(Beginning of Dataset excerpts)
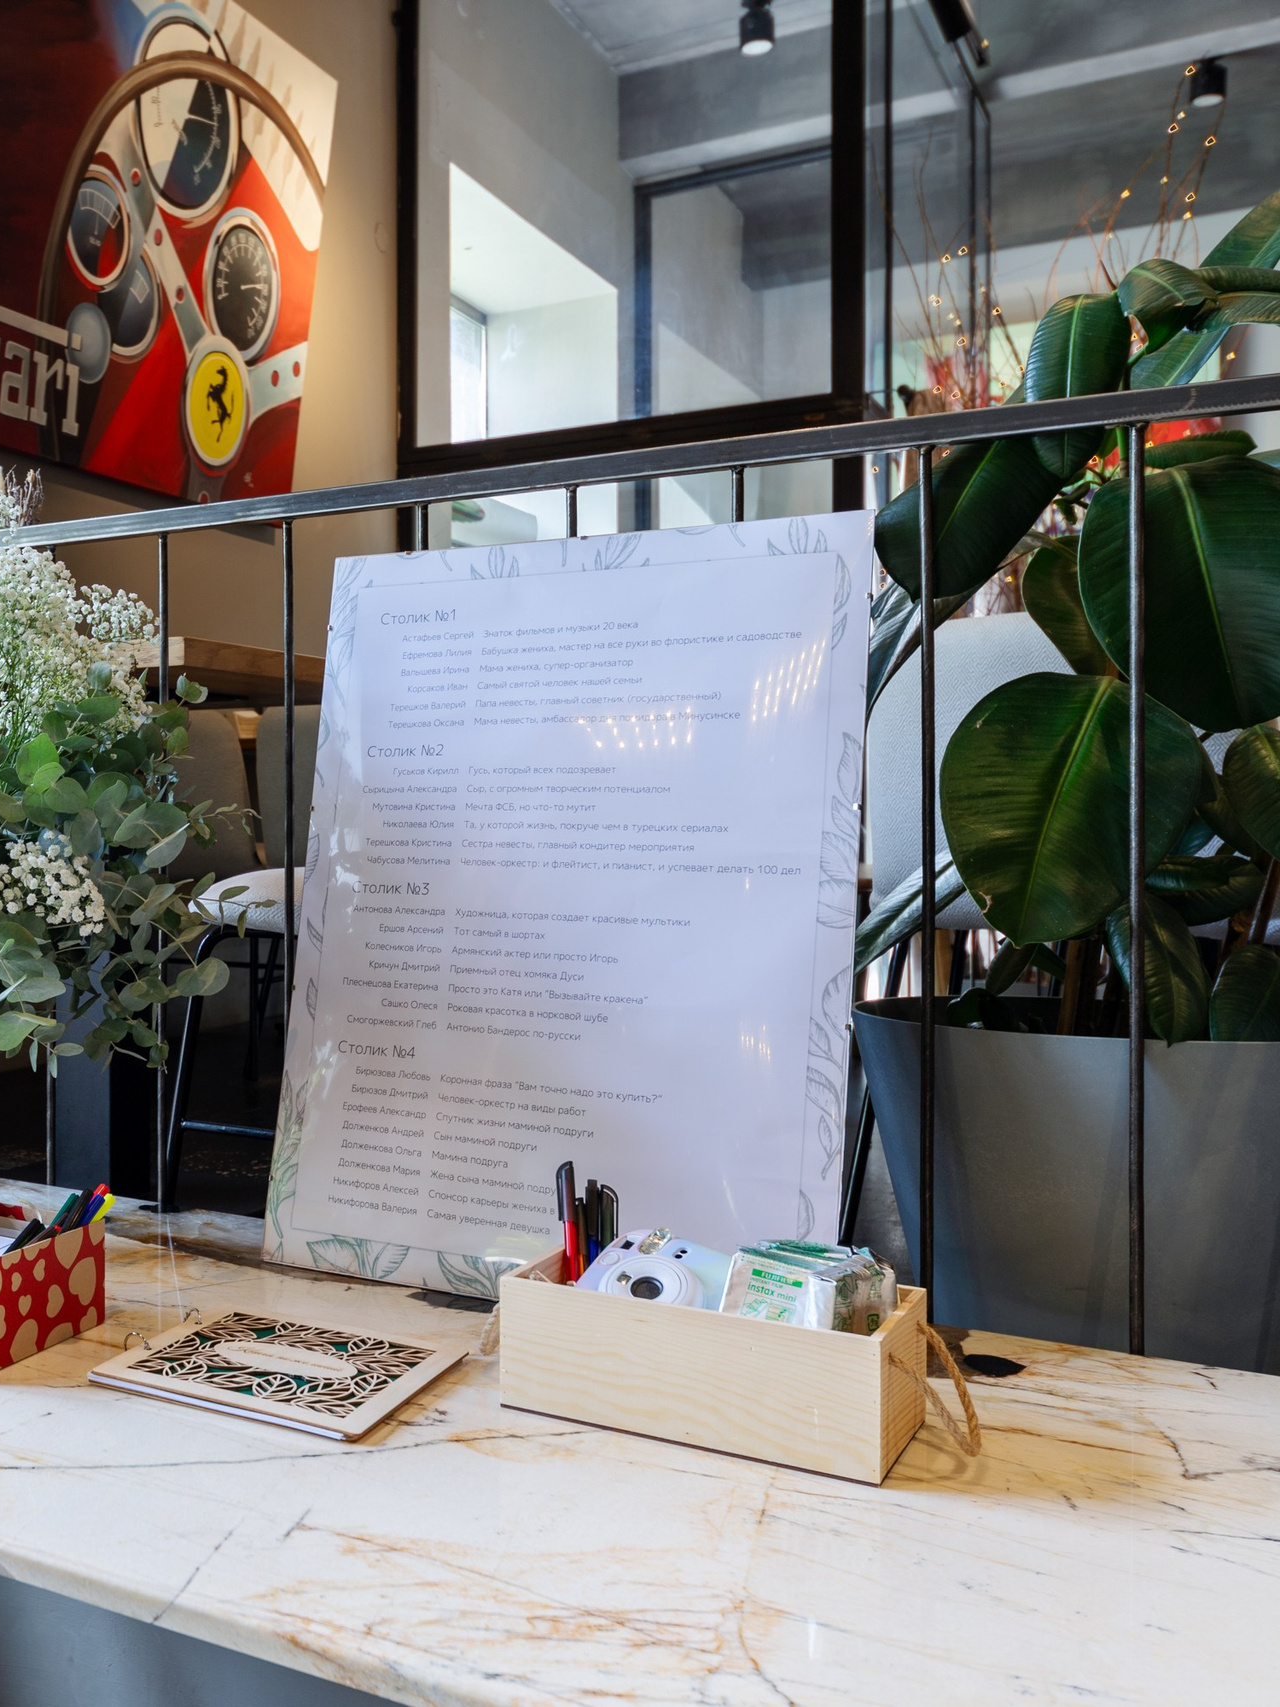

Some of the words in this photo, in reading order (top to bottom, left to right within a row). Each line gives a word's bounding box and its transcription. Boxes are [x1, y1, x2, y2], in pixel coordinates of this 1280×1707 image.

[381, 613, 430, 625] Столик
[435, 609, 455, 622] №1
[402, 634, 441, 642] Астафьев
[443, 631, 474, 641] Сергей
[402, 651, 443, 660] Ефремова
[444, 649, 472, 657] Лилия
[481, 647, 518, 656] Бабушка
[559, 643, 591, 651] мастер
[626, 640, 648, 649] руки
[664, 636, 724, 647] флористике
[736, 631, 802, 641] садоводстве
[401, 668, 441, 677] Валышева
[443, 666, 469, 675] Ирина
[407, 685, 445, 694] Корсаков
[447, 683, 468, 691] Иван
[391, 704, 429, 712] Терешков
[431, 701, 466, 710] Валерий
[389, 721, 431, 729] Терешкова
[433, 719, 464, 727] Оксана
[367, 746, 416, 757] Столик
[421, 744, 444, 756] №2
[393, 768, 425, 777] Гуськов
[427, 767, 459, 776] Кирилл
[362, 786, 404, 794] Сырицына
[407, 785, 457, 794] Александра
[467, 784, 486, 794] Сыр,
[496, 786, 543, 794] огромным
[372, 803, 413, 812] Мутовина
[415, 803, 455, 812] Кристина
[430, 820, 454, 828] Юлия
[366, 838, 409, 847] Терешкова
[411, 839, 452, 848] Кристина
[462, 839, 493, 849] Сестра
[495, 841, 534, 849] невесты,
[538, 841, 577, 849] главный
[580, 843, 626, 852] кондитер
[628, 844, 694, 852] мероприятия
[367, 856, 405, 866] Чабусова
[407, 857, 450, 865] Мелитина
[352, 881, 402, 894] Столик
[407, 882, 429, 895] №3
[353, 905, 392, 914] Антонова
[395, 906, 445, 916] Александра
[455, 908, 509, 919] Художница,
[512, 913, 549, 921] которая
[551, 914, 589, 922] создает
[592, 916, 638, 924] красивые
[641, 918, 690, 927] мультики
[379, 924, 405, 933] Ершов
[407, 925, 443, 934] Арсений
[365, 942, 414, 952] Колесников
[416, 944, 442, 954] Игорь
[451, 946, 501, 956] Армянский
[504, 951, 530, 960] актер
[553, 953, 587, 962] просто
[589, 954, 618, 964] Игорь
[369, 960, 399, 971] Кричун
[401, 962, 440, 973] Дмитрий
[450, 965, 497, 975] Приемный
[499, 970, 521, 978] отец
[524, 971, 557, 979] хомяка
[560, 971, 584, 982] Дуси
[343, 977, 391, 988] Плеснецова
[394, 980, 438, 991] Екатерина
[448, 984, 480, 994] Просто
[501, 987, 522, 996] Катя
[381, 998, 408, 1008] Сашко
[410, 1000, 437, 1010] Олеся
[448, 1003, 483, 1013] Роковая
[485, 1008, 526, 1017] красотка
[537, 1012, 581, 1020] норковой
[584, 1013, 608, 1024] шубе
[347, 1015, 414, 1027] Смогоржевский
[416, 1020, 437, 1030] Глеб
[446, 1023, 485, 1033] Антонио
[487, 1025, 530, 1037] Бандерос
[533, 1031, 581, 1041] по-русски
[338, 1040, 388, 1056] Столик
[393, 1045, 415, 1059] №4
[356, 1066, 396, 1078] Бирюзова
[398, 1070, 430, 1081] Любовь
[440, 1074, 482, 1085] Коронная
[485, 1079, 512, 1089] фраза
[540, 1085, 568, 1095] точно
[570, 1088, 594, 1097] надо
[597, 1091, 613, 1099] это
[351, 1084, 387, 1095] Бирюзов
[389, 1088, 428, 1100] Дмитрий
[343, 1102, 377, 1113] Ерофеев
[379, 1106, 426, 1120] Александр
[436, 1112, 474, 1124] Спутник
[477, 1119, 505, 1128] жизни
[508, 1122, 550, 1133] маминой
[553, 1127, 593, 1139] подруги
[342, 1120, 389, 1134] Долженков
[391, 1127, 424, 1138] Андрей
[434, 1131, 452, 1141] Сын
[455, 1136, 495, 1146] маминой
[498, 1141, 537, 1152] подруги
[341, 1139, 393, 1153] Долженкова
[395, 1146, 422, 1157] Ольга
[432, 1151, 467, 1163] Мамина
[470, 1157, 508, 1169] подруга
[333, 1176, 380, 1191] Никифоров
[382, 1183, 419, 1195] Алексей
[338, 1158, 390, 1173] Долженкова
[393, 1165, 420, 1176] Мария
[430, 1170, 454, 1181] Жена
[457, 1175, 479, 1184] сына
[482, 1179, 524, 1190] маминой
[527, 1184, 556, 1198] подру
[328, 1195, 379, 1210] Никифорова
[382, 1202, 417, 1215] Валерия
[427, 1209, 456, 1221] Самая
[459, 1216, 507, 1228] уверенная
[510, 1223, 550, 1235] девушка
[747, 1283, 775, 1296] instax
[777, 1293, 796, 1302] mini
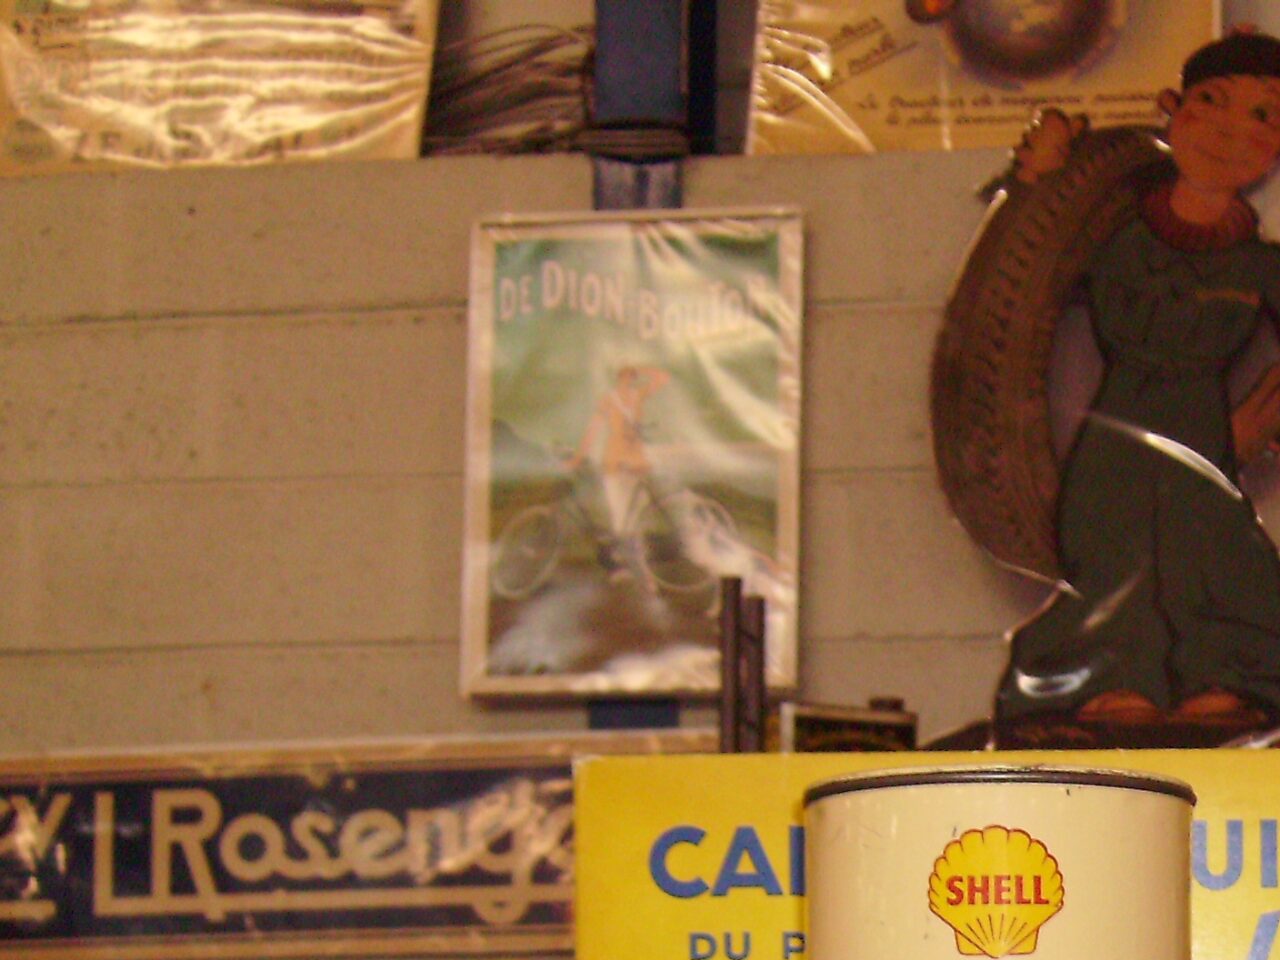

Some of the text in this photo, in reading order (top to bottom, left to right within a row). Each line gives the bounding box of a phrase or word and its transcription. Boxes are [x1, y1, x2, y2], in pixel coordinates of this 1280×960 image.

[499, 264, 535, 321] DE
[946, 874, 1050, 906] SHELL
[783, 932, 806, 960] P
(End of Dataset excerpts)
▶ **Aim of the task**: Please write out every line of the listing above exactly, and leave the images behind.

▶ **Answer to the problem**:
Some of the words in this photo, in reading order (top to bottom, left to right within a row). Each line gives a word's bounding box and its transcription. Boxes are [x1, y1, x2, y2], in pixel coordinates of this 1280×1707 image.

[381, 613, 430, 625] Столик
[435, 609, 455, 622] №1
[402, 634, 441, 642] Астафьев
[443, 631, 474, 641] Сергей
[402, 651, 443, 660] Ефремова
[444, 649, 472, 657] Лилия
[481, 647, 518, 656] Бабушка
[559, 643, 591, 651] мастер
[626, 640, 648, 649] руки
[664, 636, 724, 647] флористике
[736, 631, 802, 641] садоводстве
[401, 668, 441, 677] Валышева
[443, 666, 469, 675] Ирина
[407, 685, 445, 694] Корсаков
[447, 683, 468, 691] Иван
[391, 704, 429, 712] Терешков
[431, 701, 466, 710] Валерий
[389, 721, 431, 729] Терешкова
[433, 719, 464, 727] Оксана
[367, 746, 416, 757] Столик
[421, 744, 444, 756] №2
[393, 768, 425, 777] Гуськов
[427, 767, 459, 776] Кирилл
[362, 786, 404, 794] Сырицына
[407, 785, 457, 794] Александра
[467, 784, 486, 794] Сыр,
[496, 786, 543, 794] огромным
[372, 803, 413, 812] Мутовина
[415, 803, 455, 812] Кристина
[430, 820, 454, 828] Юлия
[366, 838, 409, 847] Терешкова
[411, 839, 452, 848] Кристина
[462, 839, 493, 849] Сестра
[495, 841, 534, 849] невесты,
[538, 841, 577, 849] главный
[580, 843, 626, 852] кондитер
[628, 844, 694, 852] мероприятия
[367, 856, 405, 866] Чабусова
[407, 857, 450, 865] Мелитина
[352, 881, 402, 894] Столик
[407, 882, 429, 895] №3
[353, 905, 392, 914] Антонова
[395, 906, 445, 916] Александра
[455, 908, 509, 919] Художница,
[512, 913, 549, 921] которая
[551, 914, 589, 922] создает
[592, 916, 638, 924] красивые
[641, 918, 690, 927] мультики
[379, 924, 405, 933] Ершов
[407, 925, 443, 934] Арсений
[365, 942, 414, 952] Колесников
[416, 944, 442, 954] Игорь
[451, 946, 501, 956] Армянский
[504, 951, 530, 960] актер
[553, 953, 587, 962] просто
[589, 954, 618, 964] Игорь
[369, 960, 399, 971] Кричун
[401, 962, 440, 973] Дмитрий
[450, 965, 497, 975] Приемный
[499, 970, 521, 978] отец
[524, 971, 557, 979] хомяка
[560, 971, 584, 982] Дуси
[343, 977, 391, 988] Плеснецова
[394, 980, 438, 991] Екатерина
[448, 984, 480, 994] Просто
[501, 987, 522, 996] Катя
[381, 998, 408, 1008] Сашко
[410, 1000, 437, 1010] Олеся
[448, 1003, 483, 1013] Роковая
[485, 1008, 526, 1017] красотка
[537, 1012, 581, 1020] норковой
[584, 1013, 608, 1024] шубе
[347, 1015, 414, 1027] Смогоржевский
[416, 1020, 437, 1030] Глеб
[446, 1023, 485, 1033] Антонио
[487, 1025, 530, 1037] Бандерос
[533, 1031, 581, 1041] по-русски
[338, 1040, 388, 1056] Столик
[393, 1045, 415, 1059] №4
[356, 1066, 396, 1078] Бирюзова
[398, 1070, 430, 1081] Любовь
[440, 1074, 482, 1085] Коронная
[485, 1079, 512, 1089] фраза
[540, 1085, 568, 1095] точно
[570, 1088, 594, 1097] надо
[597, 1091, 613, 1099] это
[351, 1084, 387, 1095] Бирюзов
[389, 1088, 428, 1100] Дмитрий
[343, 1102, 377, 1113] Ерофеев
[379, 1106, 426, 1120] Александр
[436, 1112, 474, 1124] Спутник
[477, 1119, 505, 1128] жизни
[508, 1122, 550, 1133] маминой
[553, 1127, 593, 1139] подруги
[342, 1120, 389, 1134] Долженков
[391, 1127, 424, 1138] Андрей
[434, 1131, 452, 1141] Сын
[455, 1136, 495, 1146] маминой
[498, 1141, 537, 1152] подруги
[341, 1139, 393, 1153] Долженкова
[395, 1146, 422, 1157] Ольга
[432, 1151, 467, 1163] Мамина
[470, 1157, 508, 1169] подруга
[333, 1176, 380, 1191] Никифоров
[382, 1183, 419, 1195] Алексей
[338, 1158, 390, 1173] Долженкова
[393, 1165, 420, 1176] Мария
[430, 1170, 454, 1181] Жена
[457, 1175, 479, 1184] сына
[482, 1179, 524, 1190] маминой
[527, 1184, 556, 1198] подру
[328, 1195, 379, 1210] Никифорова
[382, 1202, 417, 1215] Валерия
[427, 1209, 456, 1221] Самая
[459, 1216, 507, 1228] уверенная
[510, 1223, 550, 1235] девушка
[747, 1283, 775, 1296] instax
[777, 1293, 796, 1302] mini

Some of the text in this photo, in reading order (top to bottom, left to right within a row). Each line gives the bounding box of a phrase or word and its transcription. Boxes are [x1, y1, x2, y2], in pixel coordinates of this 1280×960 image.

[499, 264, 535, 321] DE
[946, 874, 1050, 906] SHELL
[783, 932, 806, 960] P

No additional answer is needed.